It’s not just luck or practice that gets Sherpa mountaineers up the slopes of Mt. Everest each year.
Functioning so well at extreme elevations is in the Sherpa and Tibetan DNA — literally.
A new study by UC Merced Professor Emilia Huerta-Sánchez — published recently in the journal Molecular Biology and Evolution — shows that between 30,000 and 50,000 years ago, Neanderthals, Denisovans and Homosapiens interbred, and modern humans got an evolutionary advantage because of it.
Hybrid populations adapt more quickly than humans who evolved through mutation and natural selection alone, and one of the most striking examples of the benefits of hybridization in the people of Eurasia is the EPAS1 gene. The gene makes Tibetans less prone to hypoxia — a loss of oxygen to the body’s tissues at high altitudes.
About 1.6 percent of nonnative climbers have died on the mountain. Injuries, falling into crevasses, freezing, cerebral edema and altitude sickness, exhaustion, and lack of oxygen are the most common causes of death, experts say.
While the Sherpa are making summiting Everest safer for others at disproportionate risk to themselves, their mortality rates are lower than for nonnatives — about 1.1 percent. Statistics show the Sherpa are most likely to die in avalanches, rather than from altitude sickness, lack of oxygen or cerebral edema.

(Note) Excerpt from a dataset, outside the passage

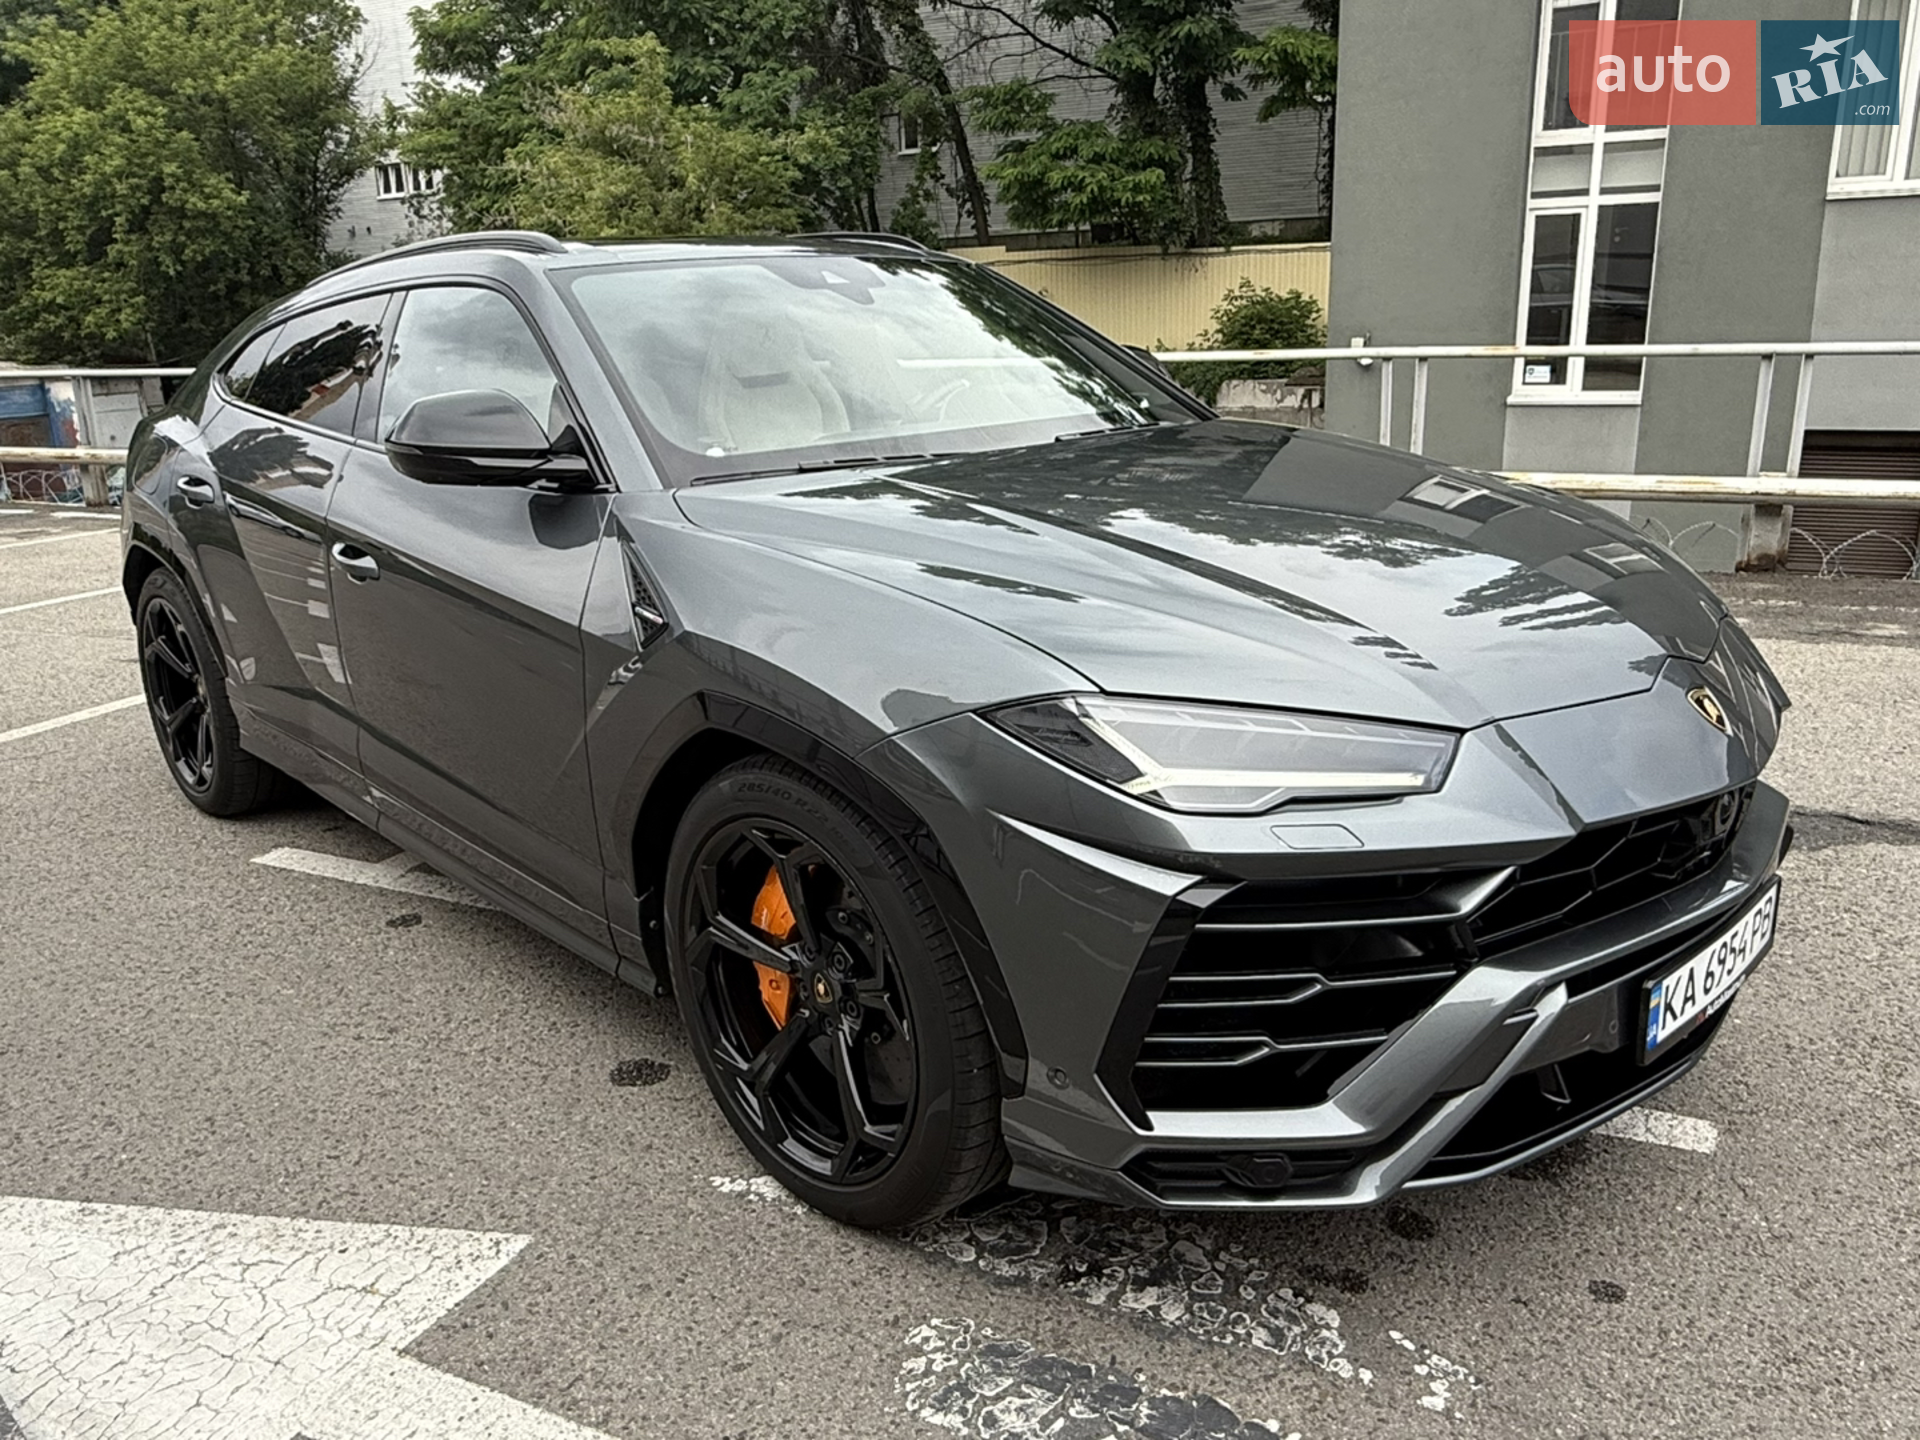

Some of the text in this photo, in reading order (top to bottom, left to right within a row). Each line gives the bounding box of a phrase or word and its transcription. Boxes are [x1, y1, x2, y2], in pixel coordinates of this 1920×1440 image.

[738, 782, 792, 801] 285/40
[1661, 966, 1696, 1031] KA
[1703, 920, 1749, 996] 6954

“People had always noticed a physiological difference between the people who live at high altitudes and those who aren’t from the Tibetan Plateau, and have wanted to know if there was a genetic difference, too,” Huerta- Sánchez said. “There is. We now know that the Denisovans introduced it into the human gene pool.”
As more data from archaic genomes becomes available, scientists have become keenly interested in pinpointing specific regions to better understand the effects and potential benefits of adaptive introgression, according to the paper Huerta-Sánchez wrote with two student researchers from UC Berkeley.

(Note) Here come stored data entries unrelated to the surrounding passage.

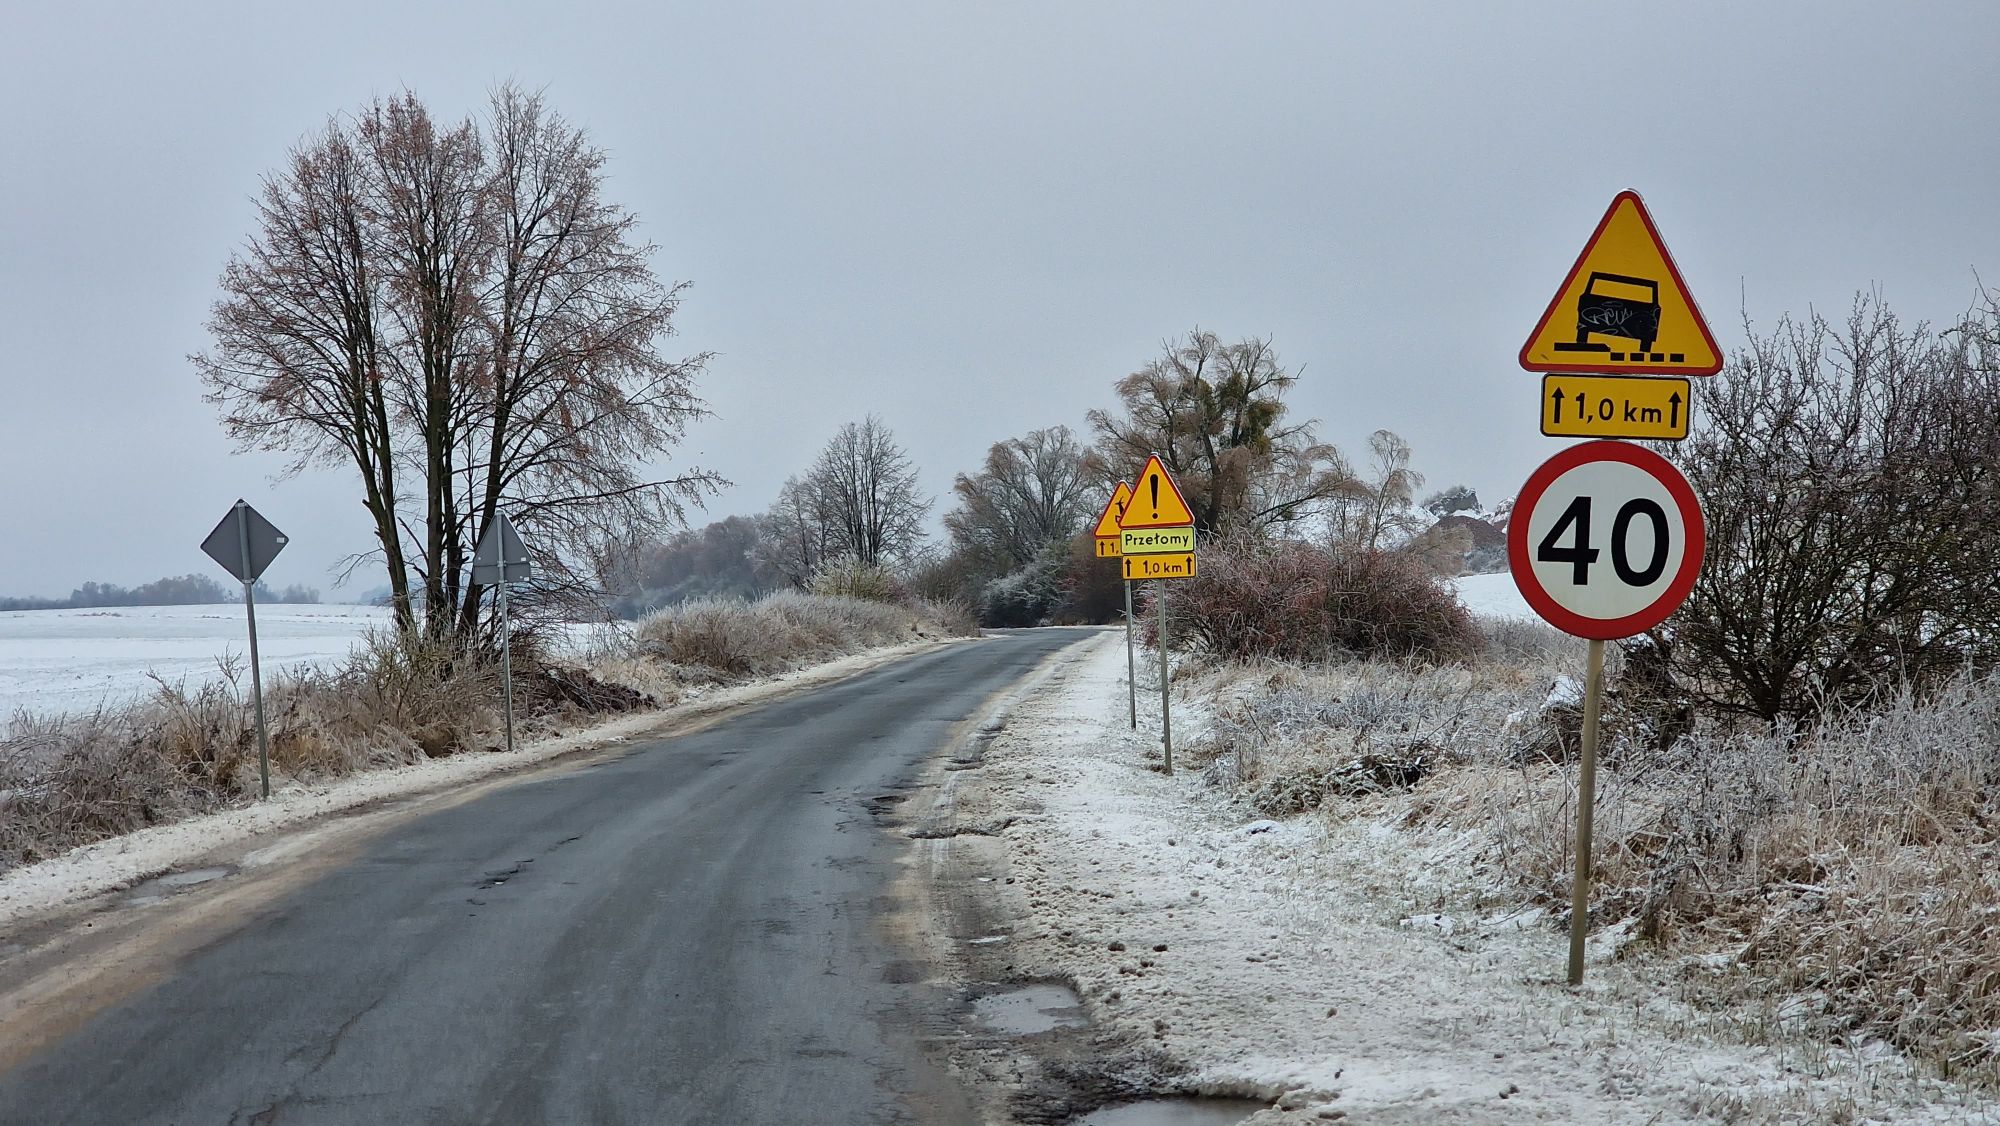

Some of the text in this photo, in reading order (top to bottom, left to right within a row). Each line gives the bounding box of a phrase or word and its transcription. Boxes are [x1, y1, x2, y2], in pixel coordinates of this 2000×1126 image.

[1575, 392, 1662, 424] 1,0 km
[1125, 533, 1189, 547] Przełomy
[1537, 496, 1670, 587] 40
[1110, 542, 1119, 554] 1,
[1143, 560, 1182, 575] 1,0 km

In the study, they showed that beneficial contributions from archaic humans are in genes involved in immune function, metabolism and skin pigmentation. Thanks to their archaic relatives, Eurasian populations are more resilient in cold weather, have immunities to certain pathogens and have metabolic differences that make them adaptable to different diets, Huerta-Sánchez said.
“In my study, we focused on the mutations that are beneficial,” she said. “Tibetans and other populations exhibit local adaptations, and those benefits came from somewhere else.”

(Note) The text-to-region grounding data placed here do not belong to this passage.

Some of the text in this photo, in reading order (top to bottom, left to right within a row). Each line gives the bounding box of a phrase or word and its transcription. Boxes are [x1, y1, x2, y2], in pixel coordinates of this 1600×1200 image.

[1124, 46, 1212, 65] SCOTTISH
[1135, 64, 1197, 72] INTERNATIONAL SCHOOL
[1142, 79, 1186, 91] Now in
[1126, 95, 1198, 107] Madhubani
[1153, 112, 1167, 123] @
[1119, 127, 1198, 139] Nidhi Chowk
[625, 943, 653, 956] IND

Huerta-Sánchez is a molecular cell biologist with the School of Natural Sciences and the Health Sciences Research Institute, and has been at UC Merced since 2014. Her long-term goal is to understand the human genetic landscape, how it has been shaped by evolution and how variants affect human disease.
“I am answering biological questions, but the approaches I take are computational,” she said.
Her goals fit well at UC Merced, where computational science and big-data analysis are emerging areas of vast expertise. She has already worked with immunologists on campus to help analyze data and statistics, and is preparing to work on a project with applied mathematicians.
“There has been an explosion of data lately, and that’s going to lead to some interesting collaborations,” Huerta-Sánchez said. “More researchers are getting interested in RNA and DNA sequencing, and there are many possibilities for overlapping with molecular cell biology.”